So since October, I’ve been focused on how I might address that invisibility. If you’ll allow me to talk frankly here, the fact is that the UK theatre industry is deeply conservative in how it functions, very concerned with peer judgement, and has black hole levels of London-centricity. I mean, I get it. We work with an ephemeral art-form. You can’t just pick up a DVD of someone’s production and get up to speed with their work – we need other anchor points to help us get to know who’s out there. The problem is that these anchor points – certainly in the field of script-led theatre – are skewed enormously towards traditional training routes, LONDON, those who work for theatres rather than self-produce, and LONDON. You might see all the new work in your local town, but you probably also go to London. You don’t necessarily also go to Manchester, or Newcastle, or Bristol as a matter of course. Especially if you’re a theatre critic. All of this is compounded by the feedback loop of current theatre criticism.

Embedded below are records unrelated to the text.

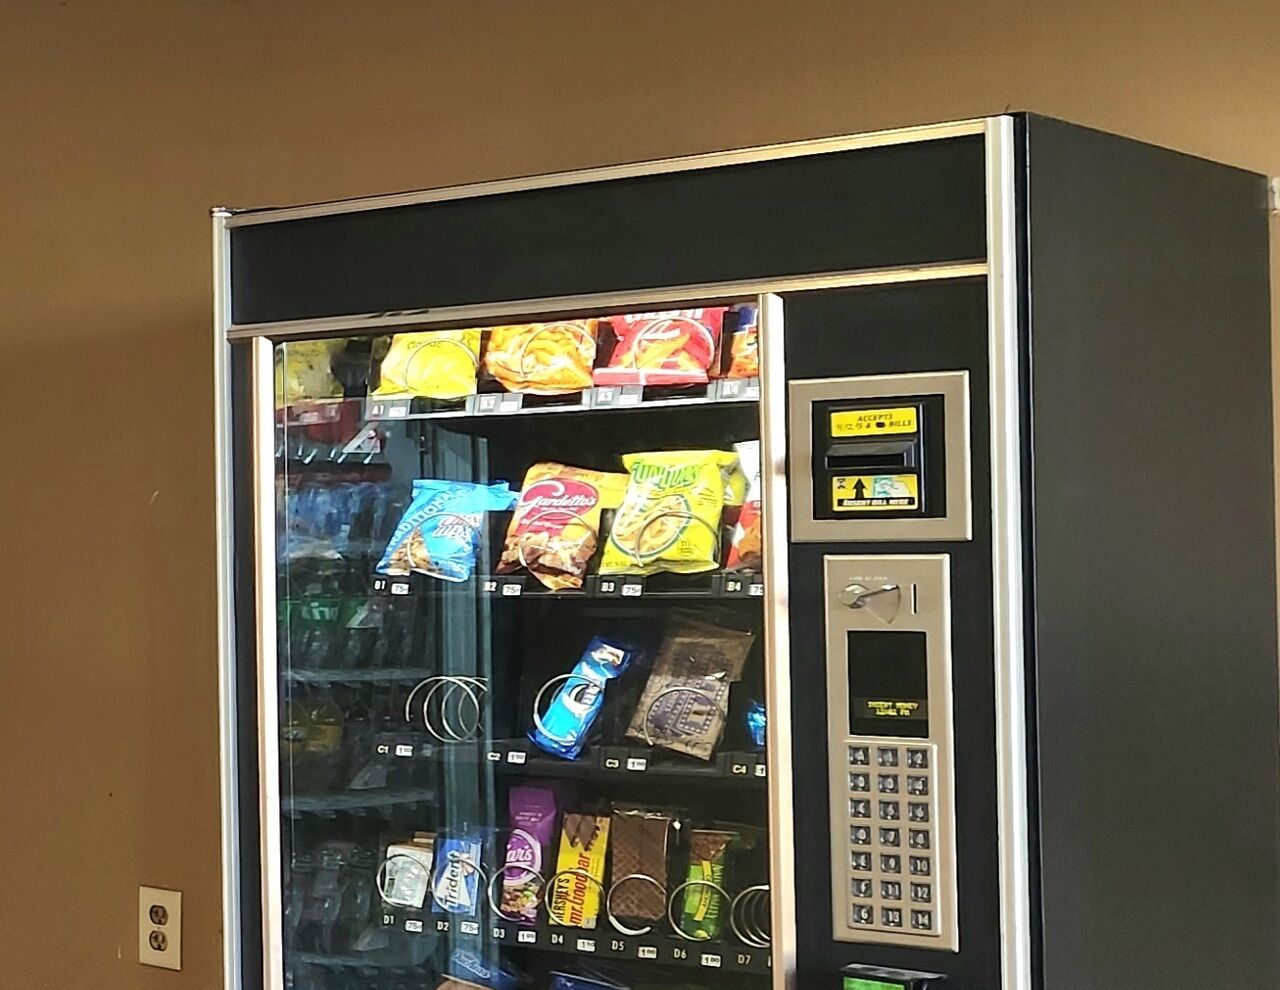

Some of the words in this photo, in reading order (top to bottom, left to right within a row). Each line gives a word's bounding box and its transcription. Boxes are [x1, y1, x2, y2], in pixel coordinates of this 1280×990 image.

[371, 405, 385, 416] A1
[857, 413, 893, 422] ACCEPTS
[520, 480, 597, 519] Gardetto's
[374, 580, 386, 590] B1
[483, 581, 497, 592] B2
[601, 582, 615, 592] B3
[726, 581, 741, 592] B4
[377, 744, 389, 754] C1
[486, 752, 501, 761] C2
[605, 758, 619, 769] C3
[732, 764, 747, 774] C4
[445, 850, 461, 908] Trident
[383, 914, 395, 924] D1
[436, 921, 449, 931] D2
[493, 928, 505, 938] D3
[551, 933, 564, 944] D4
[611, 940, 625, 951] D5
[673, 949, 687, 959] D6
[737, 954, 751, 965] D7
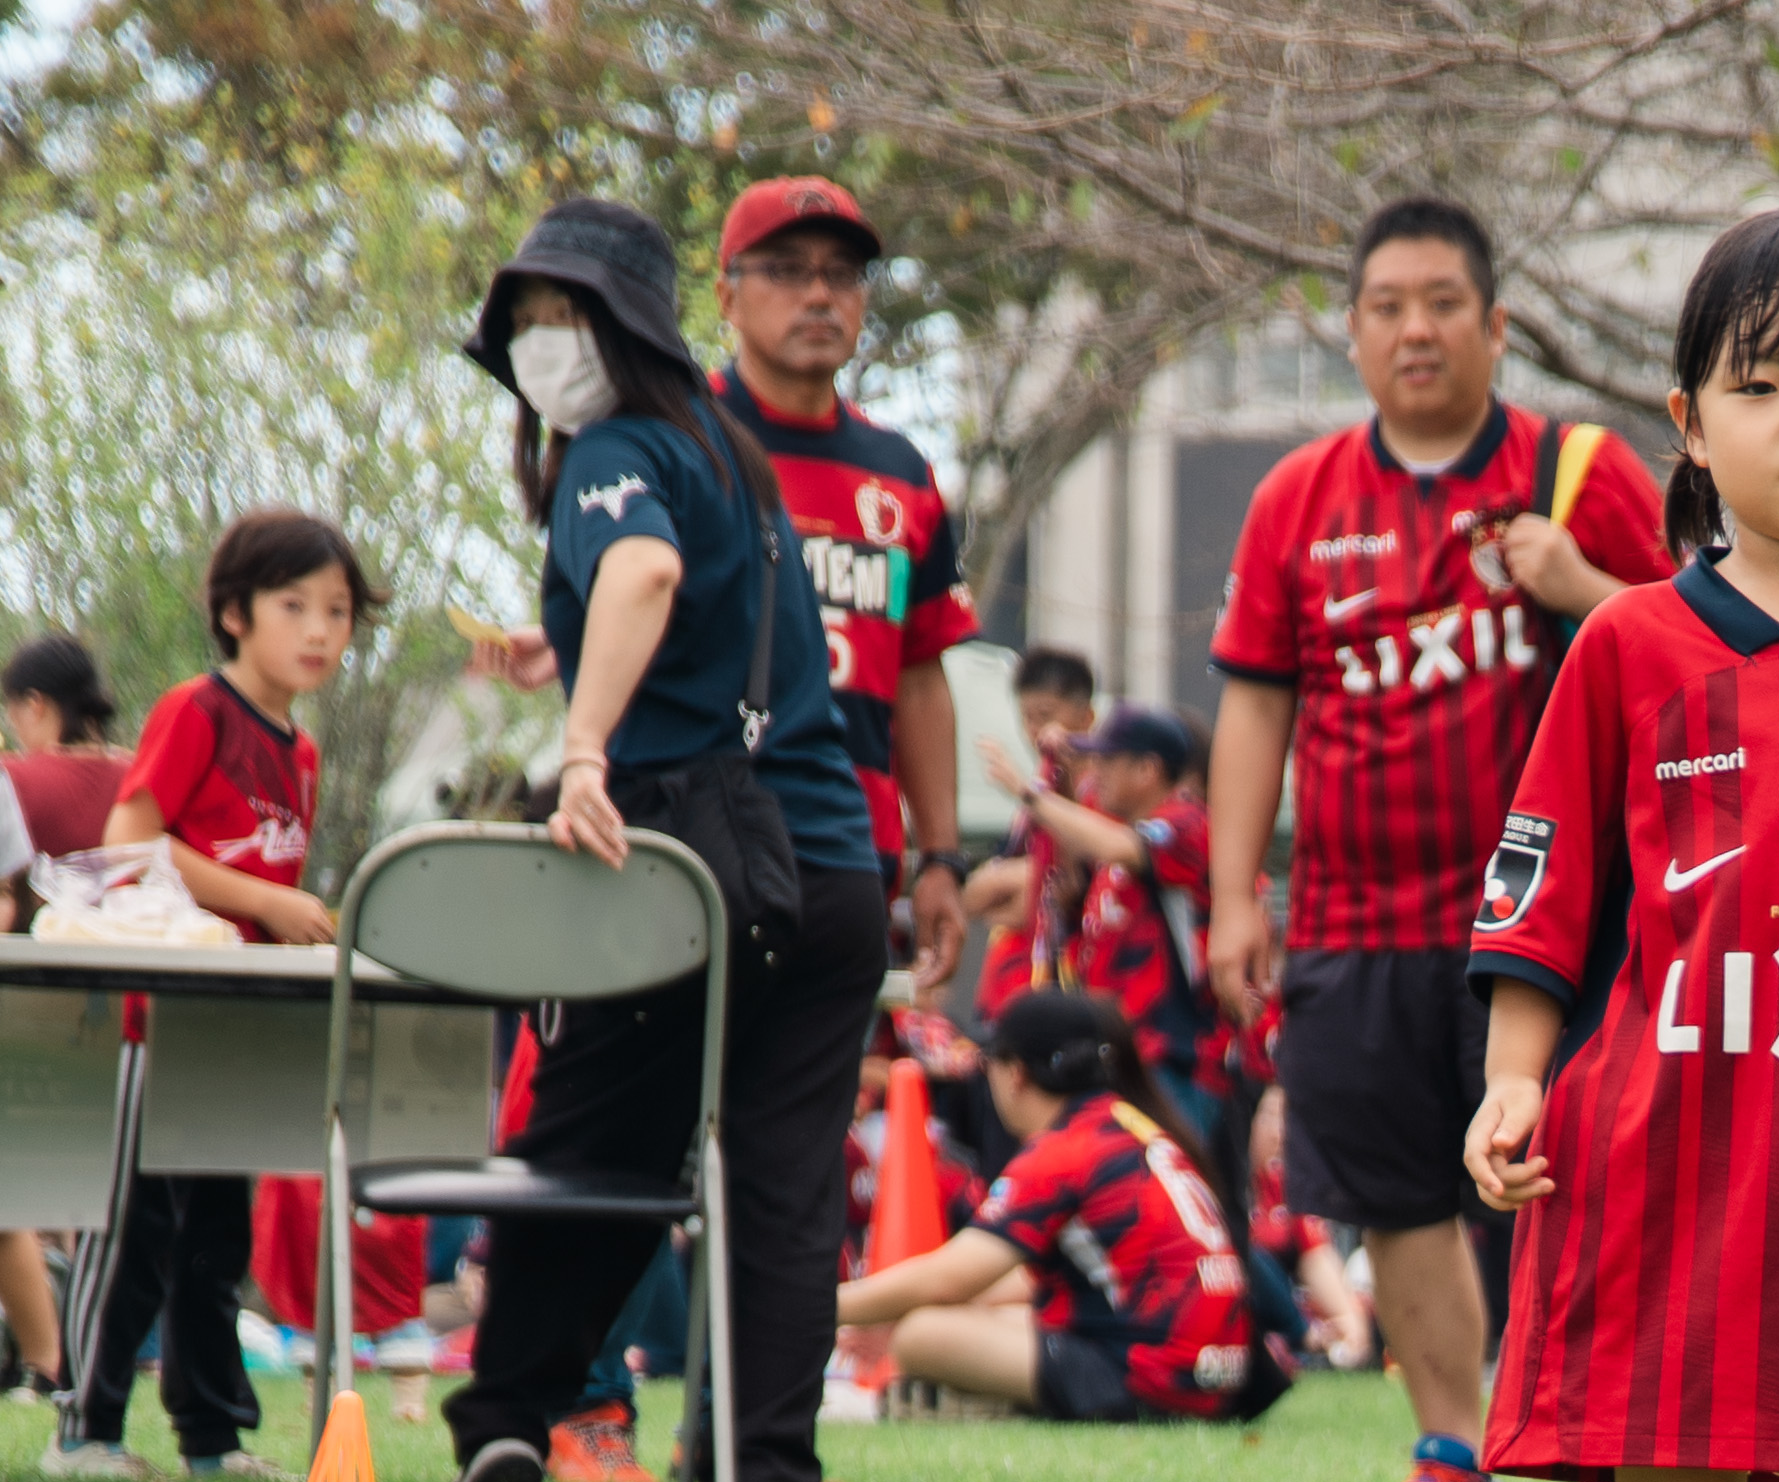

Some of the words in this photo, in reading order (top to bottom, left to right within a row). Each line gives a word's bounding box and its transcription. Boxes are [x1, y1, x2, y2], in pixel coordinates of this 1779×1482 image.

[802, 536, 888, 612] TEM
[1334, 604, 1538, 694] LIXIL
[1655, 747, 1746, 780] mercari

In the grand game of theatre industry top trumps, I have rubbish scores in all those areas. I’ve got an impressive CV of experience to point to, but no-one’s looking, because I’ve got crap scores in those boxes. I don’t have those privileges so I’m going to have to find other ways to get people to see me.

There’s stuff I need to practise, actual practical work I need to do, in order to improve my visibility as a director and that’s what I’ve been getting my head down to over the last few months. I’ve got to get better at articulating my practice and why people should be interested. I’ve got to get better at pitching my approach to plays. I’ve got to get out and meet more people who live in venues (artistic directors, literary producers etc). I probably need to get an agent. I’ve got to come to terms with being on repeat about the fact that despite not living in London, I’m up for working on plays in your theatre.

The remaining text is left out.